## Stored data
┌────────
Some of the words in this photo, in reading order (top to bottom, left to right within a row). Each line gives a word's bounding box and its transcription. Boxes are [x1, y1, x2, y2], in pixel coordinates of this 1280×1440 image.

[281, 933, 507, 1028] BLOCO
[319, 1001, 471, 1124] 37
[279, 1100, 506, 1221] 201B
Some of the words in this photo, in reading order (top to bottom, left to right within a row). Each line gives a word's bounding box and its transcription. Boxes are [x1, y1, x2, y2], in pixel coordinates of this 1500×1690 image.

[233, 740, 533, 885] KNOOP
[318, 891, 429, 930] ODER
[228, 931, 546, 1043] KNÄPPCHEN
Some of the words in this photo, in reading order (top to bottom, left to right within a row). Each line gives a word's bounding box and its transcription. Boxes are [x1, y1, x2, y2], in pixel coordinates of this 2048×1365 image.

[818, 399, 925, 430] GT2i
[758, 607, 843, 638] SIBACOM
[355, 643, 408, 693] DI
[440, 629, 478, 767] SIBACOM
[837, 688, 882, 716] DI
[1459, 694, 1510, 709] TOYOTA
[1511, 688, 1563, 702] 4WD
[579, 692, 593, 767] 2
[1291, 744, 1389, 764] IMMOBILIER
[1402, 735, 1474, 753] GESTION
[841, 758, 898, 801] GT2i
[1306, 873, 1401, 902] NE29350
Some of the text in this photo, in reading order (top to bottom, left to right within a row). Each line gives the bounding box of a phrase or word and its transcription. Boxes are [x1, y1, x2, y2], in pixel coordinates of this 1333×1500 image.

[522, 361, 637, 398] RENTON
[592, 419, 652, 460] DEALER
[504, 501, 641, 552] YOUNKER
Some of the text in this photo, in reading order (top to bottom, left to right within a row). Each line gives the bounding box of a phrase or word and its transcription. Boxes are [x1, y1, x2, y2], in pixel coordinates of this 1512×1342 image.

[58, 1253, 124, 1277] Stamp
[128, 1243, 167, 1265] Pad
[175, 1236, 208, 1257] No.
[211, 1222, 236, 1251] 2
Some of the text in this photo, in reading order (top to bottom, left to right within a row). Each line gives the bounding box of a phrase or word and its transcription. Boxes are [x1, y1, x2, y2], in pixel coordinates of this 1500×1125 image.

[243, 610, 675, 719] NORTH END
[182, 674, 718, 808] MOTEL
└────────
Transcribe the records above exactly.

Some of the words in this photo, in reading order (top to bottom, left to right within a row). Each line gives a word's bounding box and its transcription. Boxes are [x1, y1, x2, y2], in pixel coordinates of this 1280×1440 image.

[281, 933, 507, 1028] BLOCO
[319, 1001, 471, 1124] 37
[279, 1100, 506, 1221] 201B
Some of the words in this photo, in reading order (top to bottom, left to right within a row). Each line gives a word's bounding box and its transcription. Boxes are [x1, y1, x2, y2], in pixel coordinates of this 1500×1690 image.

[233, 740, 533, 885] KNOOP
[318, 891, 429, 930] ODER
[228, 931, 546, 1043] KNÄPPCHEN
Some of the words in this photo, in reading order (top to bottom, left to right within a row). Each line gives a word's bounding box and its transcription. Boxes are [x1, y1, x2, y2], in pixel coordinates of this 2048×1365 image.

[818, 399, 925, 430] GT2i
[758, 607, 843, 638] SIBACOM
[355, 643, 408, 693] DI
[440, 629, 478, 767] SIBACOM
[837, 688, 882, 716] DI
[1459, 694, 1510, 709] TOYOTA
[1511, 688, 1563, 702] 4WD
[579, 692, 593, 767] 2
[1291, 744, 1389, 764] IMMOBILIER
[1402, 735, 1474, 753] GESTION
[841, 758, 898, 801] GT2i
[1306, 873, 1401, 902] NE29350
Some of the text in this photo, in reading order (top to bottom, left to right within a row). Each line gives the bounding box of a phrase or word and its transcription. Boxes are [x1, y1, x2, y2], in pixel coordinates of this 1333×1500 image.

[522, 361, 637, 398] RENTON
[592, 419, 652, 460] DEALER
[504, 501, 641, 552] YOUNKER
Some of the text in this photo, in reading order (top to bottom, left to right within a row). Each line gives the bounding box of a phrase or word and its transcription. Boxes are [x1, y1, x2, y2], in pixel coordinates of this 1512×1342 image.

[58, 1253, 124, 1277] Stamp
[128, 1243, 167, 1265] Pad
[175, 1236, 208, 1257] No.
[211, 1222, 236, 1251] 2
Some of the text in this photo, in reading order (top to bottom, left to right within a row). Each line gives the bounding box of a phrase or word and its transcription. Boxes are [x1, y1, x2, y2], in pixel coordinates of this 1500×1125 image.

[243, 610, 675, 719] NORTH END
[182, 674, 718, 808] MOTEL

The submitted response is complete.